Amando de Miguel y Antonio Burgos son los padres de la primera formulación lexicográfica del tertulianés, que es lengua nacida al rebufo de mesas y corrillos donde se habla del día, de sus políticos y sus miserias.
A ambos, como grandes Nebrijas de la neohabla, les interesa conocer una disciplina anexa que cobra fuerza de noche en noche, cual es la turnología, llamada a convertirse en pieza capital del tertulianés.
En turnología se estudian a su vez dos ramas fundamentales: Cómo defender el uso de la palabra y cómo apropiarse de la del contrario y/o colega. Hoy nos limitaremos a la primera de ellas.

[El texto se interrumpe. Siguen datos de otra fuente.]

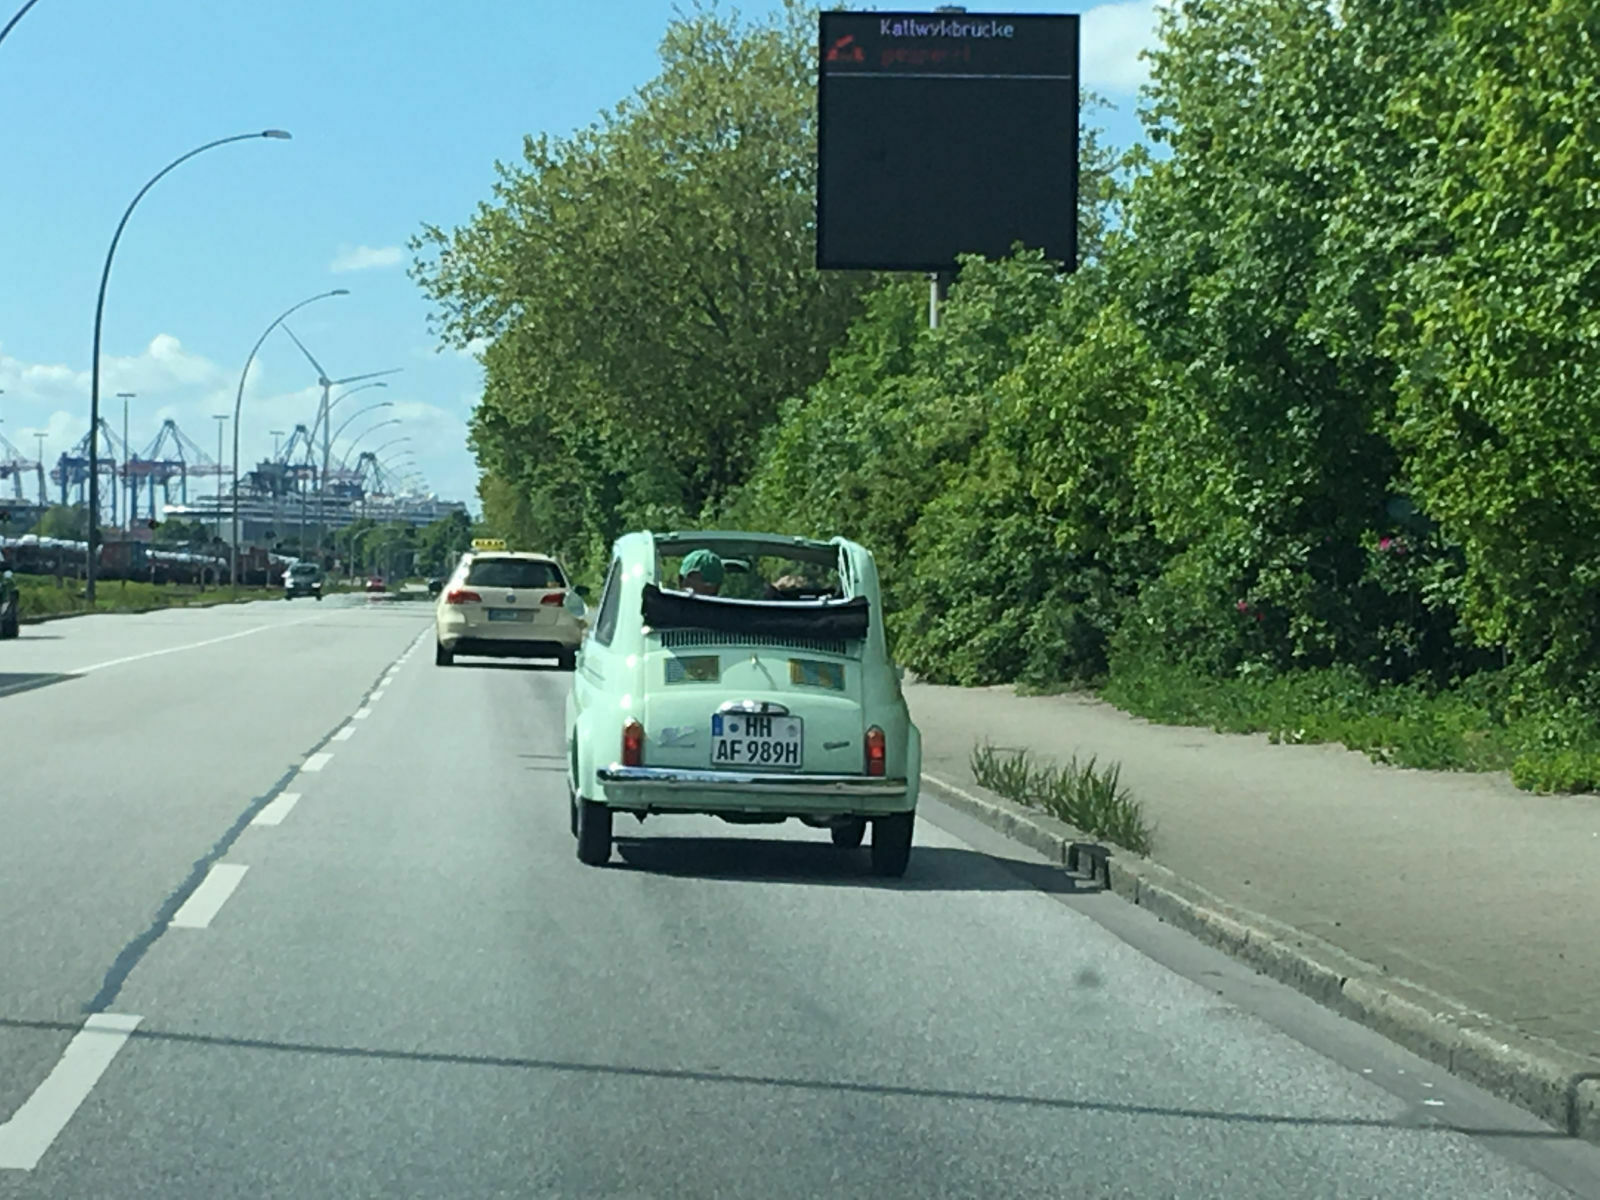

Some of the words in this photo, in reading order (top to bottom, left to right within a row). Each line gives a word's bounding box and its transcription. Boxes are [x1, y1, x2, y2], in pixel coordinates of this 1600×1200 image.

[745, 717, 772, 738] HH
[716, 739, 743, 761] AF
[747, 740, 798, 764] 989H

El tertulianés acepta y aconseja las siguientes expresiones básicas: “Yo no te interrumpí” y su variante: “Todos te escuchamos en silencio”. En casos extremos se puede echar mano del modo interrogativo: “¿Me dejas continuar?”, o del admirativo vocativo: “¡Moderador! ¡Esto es insufrible!”
Si es el propio moderador quien trata de quitártela, existen dos fórmulas infalibles: “Veinte segundos y acabo”, o bien: “Solo una última cosa”. La ciencia turnológica desestima utilizar la expresión “Corrígeme si me equivoco”, pues se corre el peligro de que realmente te corrijan y te quedes con un palmo de narices. En ese sentido tampoco es aconsejable dirigirse al oponente diciéndole: “Háztelo mirar”, pues no solo le damos pie a que se lo mire, sino a que te diga cómo va a hacerlo, con la consiguiente pérdida de turno.
Entre “Es lo que yo digo siempre” y “Esto nunca lo había dicho antes”, debe optarse por el segundo enunciado. Crea más expectativas y te ayudará a arañar segundos, como a los equipos que van ganando. Si lo dices siempre, vete parando porque te vas a hacer pesado.